Ok, this post is a little all over the place, so bear with me… We’ve been back and forth to Ottawa for my cousin’s wedding and some much-appreciated family time, and with that comes all the requisite kid-crashed-in-all-sorts-of-places photos. What with that trip, a brief overnight trip to Victoria, and Bean finally learning how to escape her crib, we’ve had a lot of bed-sharing in the past couple of weeks. It’s not my favourite thing to do, mostly because I don’t sleep well, but sometimes it’s better to sleep poorly than not at all? The trip to Victoria was mostly to have a reunion night with the amazing couple who did our pre-engagement and marriage counseling, and check in about this season with two littles and an intense schedule. It was so good, even just to hear things like “you’re in a difficult season, it is hard, but it will change one day.” Of course there was lots more, too. We’re big fans of Andy and Katie, and just from our own experience we’re big fans of seeking regular counsel and mentorship. We recognize that we haven’t done this before, so it’s good to hear from people who have. The next day I surprised Christopher with a little birthday brunch with family and close friends. He used the tripod I gave him to take those photos of the flowing water at the Chase River below our house. Way cool, right?

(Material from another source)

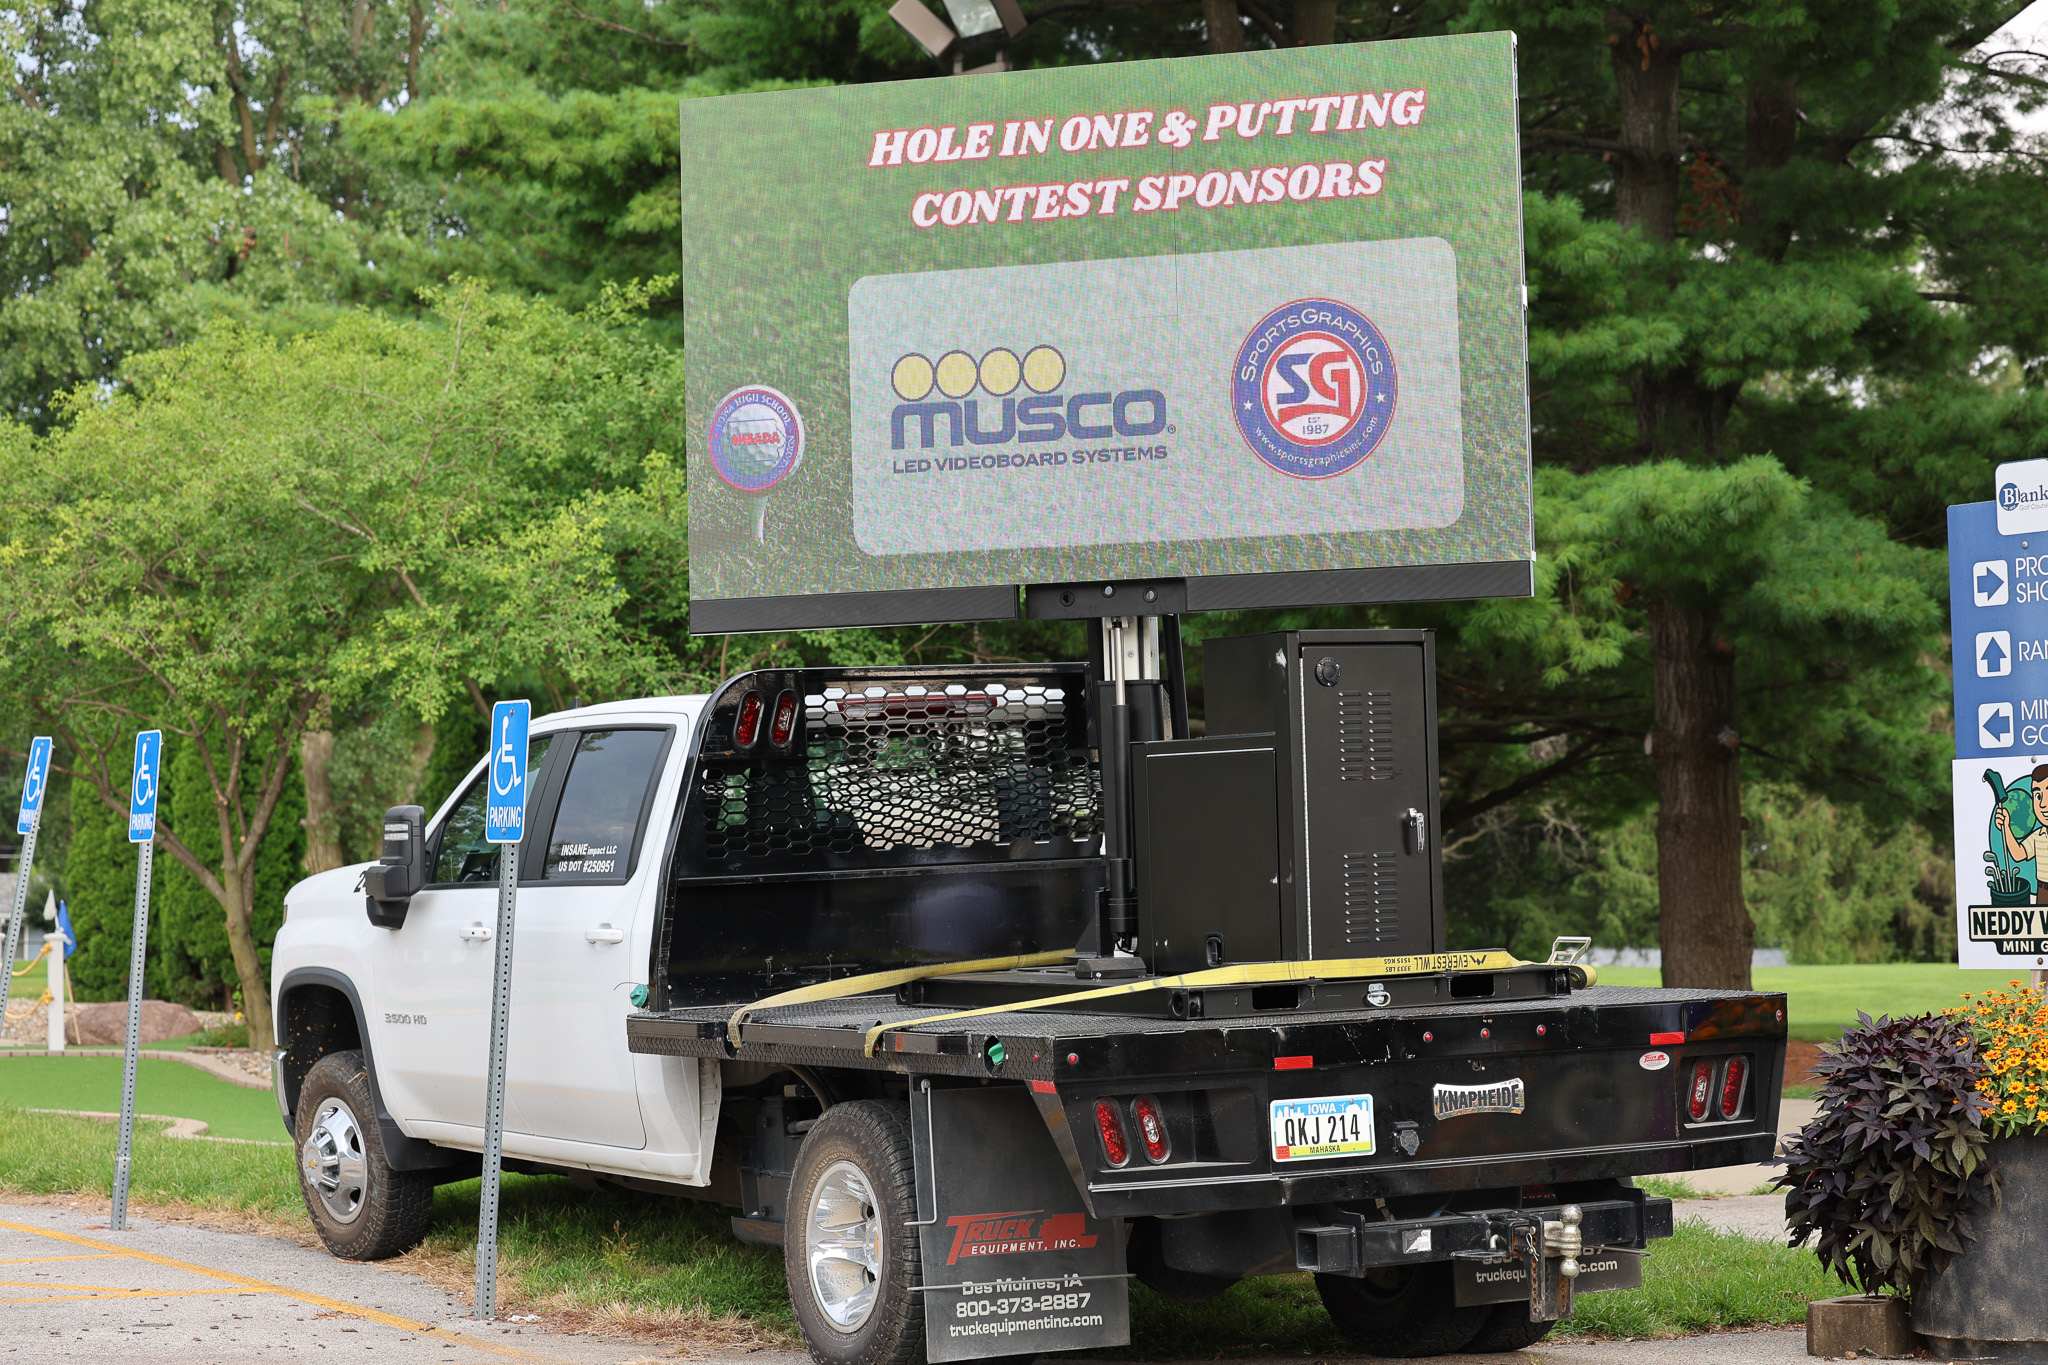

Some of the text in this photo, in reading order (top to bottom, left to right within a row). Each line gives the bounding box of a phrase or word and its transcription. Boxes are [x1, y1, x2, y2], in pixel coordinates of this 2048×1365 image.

Meanwhile, I’m in a season where I have too many dreams and schemes at home, and not enough time to do them in. Our garden has just barely stopped looking like a junkyard, after some frantic after-bedtime planting. My sewing has been living on the kitchen counter since last week. I keep adding areas of the house I want to organize to my list of things to do, without doing any of the previous ones. I know that I’ve taken on too much when I’m trying to iron bias tape with the Bean hanging off of my legs. I’ve been humbled by this great quote from Loving the Little Years – “Fat souls are better than clean floors.” Isn’t that great? Except I would probably replace clean floors with “all the projects,” in my case. So I’m trying to rethink my goals with nourishment for all of our souls at the top of my list. And sometimes creative projects are nourishment for our souls – but not always, and not at the cost of relationships.
Sometimes, even though I know better, there sneaks into my brain a little idea, that after this next trip or after this next project life will slow down, I’ll be a better mother, I’ll have time/will power/wisdom to do the things I want to do, etc… I keep having to relearn the fact that this is life, right now, and there’s no existential corner we have yet to turn between the chaotic, unorganized present and some pretty, carefully arranged future (that takes place in my dream white-painted house with bowls of fresh fruit and flowers everywhere, haha).